Update README.md to include workflow diagram #1

carlhiggs · 2024-04-16T03:58:32Z

Proposed inclusion of a mermaid workflow diagram in the readme markdown to illustrate the order in which files should be run. This could be expanded to add data outputs, potentially.

This looks a bit like this (the diagram is the new bit):

Proposed inclusion of a mermaid workflow diagram in the readme markdown to illustrate the order in which files should be run. This could be expanded to add data outputs, potentially.

StevePem · 2024-04-17T00:23:37Z

Hi Carl - looks great, but needs to change in one respectplease. intervention cycling speed.R doesn't depend on baseline, so should be in a row on its own.

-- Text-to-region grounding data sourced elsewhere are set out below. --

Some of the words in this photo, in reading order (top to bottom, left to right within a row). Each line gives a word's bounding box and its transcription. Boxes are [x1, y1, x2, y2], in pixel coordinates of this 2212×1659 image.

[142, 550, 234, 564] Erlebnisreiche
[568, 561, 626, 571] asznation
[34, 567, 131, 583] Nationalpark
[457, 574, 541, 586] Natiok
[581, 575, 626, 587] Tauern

Can we have two separate rows:
(1) baseline.R -> intervention destinations.R -> analysis.R
(2) intervention cycling speed.R

Not sure whether you think this would look best as 2 rows in a single Workflow box, or 2 separate boxes - I don't mind.

I think it makes sense to continue to say that they both import functions as required. (Currently, intervention cycling speed.R imports the functions but doesn't actually use them - however I'm not planning to change this.)

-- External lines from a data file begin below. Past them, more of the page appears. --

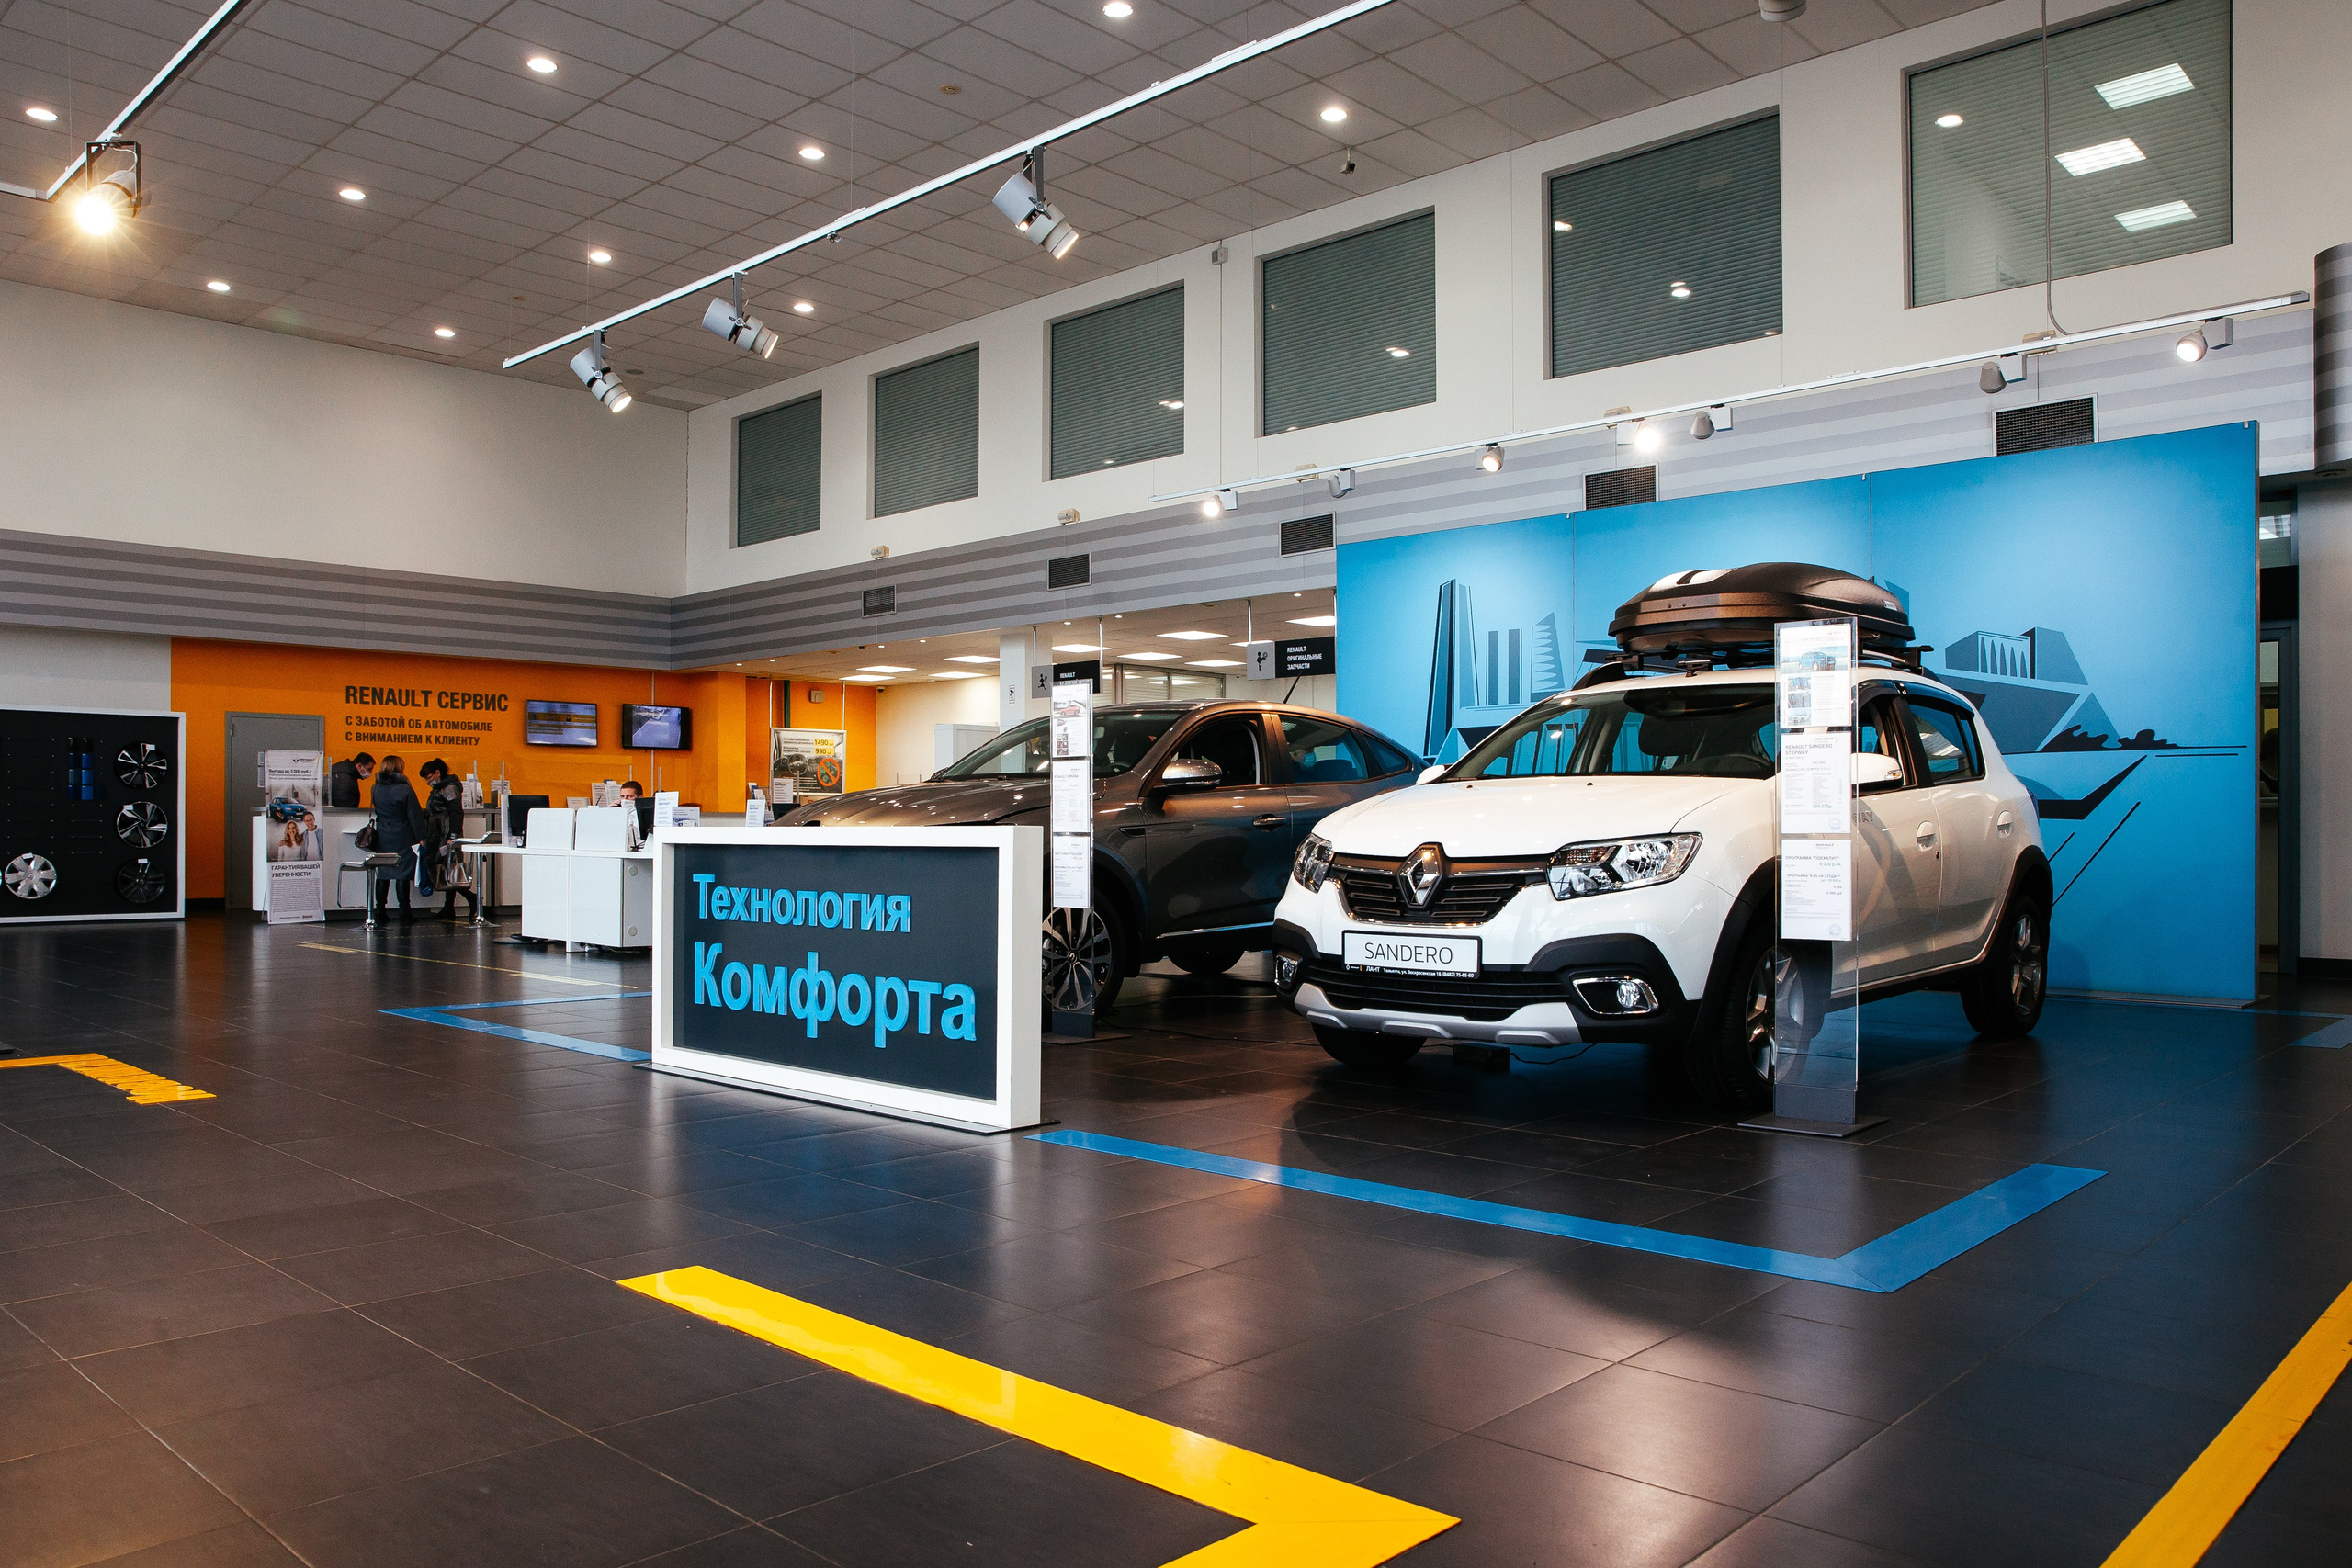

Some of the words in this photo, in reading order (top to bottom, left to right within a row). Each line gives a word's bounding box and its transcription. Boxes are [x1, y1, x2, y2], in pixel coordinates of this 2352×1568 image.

[345, 685, 432, 708] RENAULT
[437, 691, 509, 712] СЕРВИС
[345, 716, 352, 726] С
[356, 716, 405, 728] ЗАБОТОЙ
[408, 719, 422, 728] ОБ
[424, 720, 492, 732] АВТОМОБИЛЕ
[345, 731, 352, 741] С
[356, 732, 423, 744] ВНИМАНИЕМ
[425, 735, 433, 744] К
[435, 736, 480, 746] КЛИЕНТУ
[693, 874, 910, 932] Технология
[1364, 942, 1453, 964] SANDERO
[694, 942, 977, 1048] Комфорта

(I had a go at changing it, but it didn't look good, so I thought I'd leave it to you if that's OK.)

carlhiggs · 2024-04-17T00:49:36Z

Hi Carl - looks great, but needs to change in one respectplease. intervention cycling speed.R doesn't depend on baseline, so should be in a row on its own. Can we have two separate rows: (1) baseline.R -> intervention destinations.R -> analysis.R (2) intervention cycling speed.R

Hi Steve, thanks for checking this out and for the clarification. Just wondering, is the output file ../output/edgesMelbourneUpdatedSpeed.gpkg likely to be used in analysis.R in the future, e.g. to evaluate its impact?

If it were, we could sketch this perhaps as,

flowchart TD
    subgraph Workflow
        direction LR 
        baseline.R --> a(intervention destinations.R)
        a --> analysis.R
        intervention.cycling.speed.R --> analysis.R
    end
    Workflow<-- imports as required ---c(functions/*.R)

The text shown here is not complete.